There is no exact data on the artist’s childhood years. Some sources claim that his father is unknown, and the surname of the young Cranach was Zünder. According to other sources, Lucas was born into the family of the artist Hans Mahler, who lived and worked in Upper Franconia in the city of Kronach.

“Adam and Eve”, Lucas Cranach 1528

It is believed that Lucas Cranach studied the basics of painting in his father’s workshop. His first drawings have not survived; the works of Lucas, created by the artist at the age of about 30, became public.

In the early 1490s, young Lucas Cranach, then an aspiring artist who was still unknown to anyone, set off on a journey through Germany. Then there was Palestine, and in 1501 – Vienna. In the Austrian capital, the painter spent two years studying the work of Albrecht Durer. There, he wrote his first surviving works with a recognizable autograph.

Crucifixion, Lucas Cranach 1503

Among them – the canvas “Adam and Eve”, which for a long time was attributed to the authorship of Durer: Cranach was so fascinated by the works of the great German that he used the master’s composition of the same name to create his own version.

Moving to Wittenberg at the invitation of Frederick the Wise in 1504 brought Cranach the title of court painter and fame: he painted portraits of courtiers and other paintings, including the Crucifixion. By depicting the Savior ascended on the cross over the ground drenched in blood and spring floods against the background of dark thunderclouds and dry branches, the artist managed to convey the entire tragedy of what is happening, which at the same time leaves hope for salvation after death and forgiveness of sins.

Madonna and child under an Apple tree by Lucas Cranach, 1530

As an artist, Lucas Cranach from the early 1500s demonstrated amazing skill, combining contrasting bright colors and using techniques unusual for the time. So, depicting Mary on the canvas “Rest on the Flight to Egypt”, he draws her spacious robes in the form of a shell as if protecting her mistress. The calm posture of Joseph, who is resting, leaning against a tree, contrasts with the numerous figures of fussy angels who surrounded the little Christ.

1508 was a turning point for Lucas Cranach the Elder: he visited the Netherlands, and after returning to Wittenberg he received the title of a nobleman and the position of head of a large art workshop. Under his leadership, 10 young masters worked who helped to paint, illustrate books and sell them. Over time, the workshop began to bring considerable income: Lucas Cranach became so rich that the townspeople began to consider him a respected person and were repeatedly elected to the post of the burgomaster of Wittenberg. During this period a portrait of Charles V, the canvas “Venus and Cupid”, the altar of St. Catherine was created.

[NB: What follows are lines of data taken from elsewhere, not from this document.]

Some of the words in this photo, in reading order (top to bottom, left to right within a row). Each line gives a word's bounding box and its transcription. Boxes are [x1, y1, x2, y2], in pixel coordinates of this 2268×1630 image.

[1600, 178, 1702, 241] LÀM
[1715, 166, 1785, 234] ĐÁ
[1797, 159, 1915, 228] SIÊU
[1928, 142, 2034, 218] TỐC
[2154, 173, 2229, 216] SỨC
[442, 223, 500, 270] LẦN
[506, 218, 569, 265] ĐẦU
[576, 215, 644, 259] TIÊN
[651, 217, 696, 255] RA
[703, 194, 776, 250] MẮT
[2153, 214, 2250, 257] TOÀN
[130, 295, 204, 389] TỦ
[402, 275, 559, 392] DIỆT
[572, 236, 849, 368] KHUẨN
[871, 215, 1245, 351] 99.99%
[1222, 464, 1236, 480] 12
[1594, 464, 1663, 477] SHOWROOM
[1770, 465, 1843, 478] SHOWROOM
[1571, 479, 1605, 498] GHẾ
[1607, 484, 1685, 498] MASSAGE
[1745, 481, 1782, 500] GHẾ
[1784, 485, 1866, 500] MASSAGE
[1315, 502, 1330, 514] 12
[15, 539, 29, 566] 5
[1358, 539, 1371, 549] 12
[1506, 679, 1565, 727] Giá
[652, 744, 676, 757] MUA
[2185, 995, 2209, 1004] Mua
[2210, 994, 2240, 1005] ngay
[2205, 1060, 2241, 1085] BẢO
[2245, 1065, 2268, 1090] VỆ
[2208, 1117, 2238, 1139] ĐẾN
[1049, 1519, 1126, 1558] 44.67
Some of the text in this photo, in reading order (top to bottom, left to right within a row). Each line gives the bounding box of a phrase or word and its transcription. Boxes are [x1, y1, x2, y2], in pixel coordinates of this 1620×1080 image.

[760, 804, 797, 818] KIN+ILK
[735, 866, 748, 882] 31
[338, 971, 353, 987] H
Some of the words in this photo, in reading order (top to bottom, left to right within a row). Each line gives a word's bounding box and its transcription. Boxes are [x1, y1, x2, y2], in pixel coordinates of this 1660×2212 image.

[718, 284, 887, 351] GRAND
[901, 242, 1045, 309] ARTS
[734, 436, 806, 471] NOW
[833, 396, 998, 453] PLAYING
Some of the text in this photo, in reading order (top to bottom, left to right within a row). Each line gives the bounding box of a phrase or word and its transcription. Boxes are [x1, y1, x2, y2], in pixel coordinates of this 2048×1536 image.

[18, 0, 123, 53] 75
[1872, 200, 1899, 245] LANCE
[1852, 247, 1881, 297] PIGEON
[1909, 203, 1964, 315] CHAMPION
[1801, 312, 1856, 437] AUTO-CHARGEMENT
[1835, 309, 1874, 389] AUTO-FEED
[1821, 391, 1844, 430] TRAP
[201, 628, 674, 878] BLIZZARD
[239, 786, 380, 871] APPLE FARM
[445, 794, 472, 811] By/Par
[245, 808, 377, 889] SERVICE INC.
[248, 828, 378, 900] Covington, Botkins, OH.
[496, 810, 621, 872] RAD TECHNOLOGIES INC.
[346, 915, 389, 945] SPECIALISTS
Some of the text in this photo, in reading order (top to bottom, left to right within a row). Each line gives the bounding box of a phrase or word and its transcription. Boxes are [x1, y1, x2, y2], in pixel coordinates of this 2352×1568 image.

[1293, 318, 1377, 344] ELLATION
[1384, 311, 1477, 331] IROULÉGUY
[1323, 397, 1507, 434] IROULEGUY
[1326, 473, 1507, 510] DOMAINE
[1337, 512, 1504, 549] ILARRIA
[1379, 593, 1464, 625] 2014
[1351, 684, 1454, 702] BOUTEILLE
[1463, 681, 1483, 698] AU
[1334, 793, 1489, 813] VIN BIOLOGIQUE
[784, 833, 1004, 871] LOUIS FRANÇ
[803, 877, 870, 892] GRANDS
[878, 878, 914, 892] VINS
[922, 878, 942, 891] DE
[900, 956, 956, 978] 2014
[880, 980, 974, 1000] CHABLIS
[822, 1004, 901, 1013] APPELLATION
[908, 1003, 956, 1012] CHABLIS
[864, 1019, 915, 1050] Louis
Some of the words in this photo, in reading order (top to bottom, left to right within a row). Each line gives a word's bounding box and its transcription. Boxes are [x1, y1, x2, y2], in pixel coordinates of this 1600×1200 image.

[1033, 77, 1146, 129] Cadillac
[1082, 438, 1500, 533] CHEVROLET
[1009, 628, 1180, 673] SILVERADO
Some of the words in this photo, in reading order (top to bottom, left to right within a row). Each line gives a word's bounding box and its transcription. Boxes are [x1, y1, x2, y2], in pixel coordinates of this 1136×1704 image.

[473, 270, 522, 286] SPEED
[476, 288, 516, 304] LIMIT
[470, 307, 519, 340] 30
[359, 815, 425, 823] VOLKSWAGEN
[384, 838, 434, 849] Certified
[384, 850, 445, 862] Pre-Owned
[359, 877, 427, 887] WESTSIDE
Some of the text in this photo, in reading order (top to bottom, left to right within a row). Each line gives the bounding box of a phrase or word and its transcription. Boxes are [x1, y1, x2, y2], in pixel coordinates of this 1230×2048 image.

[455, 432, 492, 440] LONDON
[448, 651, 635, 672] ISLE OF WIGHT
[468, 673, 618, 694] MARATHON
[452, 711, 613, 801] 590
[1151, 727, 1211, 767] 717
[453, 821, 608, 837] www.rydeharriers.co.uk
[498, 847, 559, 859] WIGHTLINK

The Nymph of the Spring by Lucas Cranach

A great source of inspiration for Lucas Cranach the Elder was the work of da Vinci. Lucas was the first painter of Northern Europe to dare to depict the goddess Venus naked – before that, only Eve could appear in such a form in paintings. Such a bold interpretation did not meet with condemnation from the public: Cranach was still popular, taking orders for portraits, paintings on ancient and biblical themes, and idyllic landscapes.

Canvases by the artist Lucas Cranach adorned the palaces of the nobility and the houses of the wealthy townspeople. Today, paintings by this genius artist adorn the halls of museums such as the Hermitage, Dresden Gallery, Leipzig Museum, Stuttgart Gallery, Old Pinakothek (Munich), etc. In 2015, his painting “Mouth of Truth” was sold at Sotheby’s for 9 million 300 thousand pounds.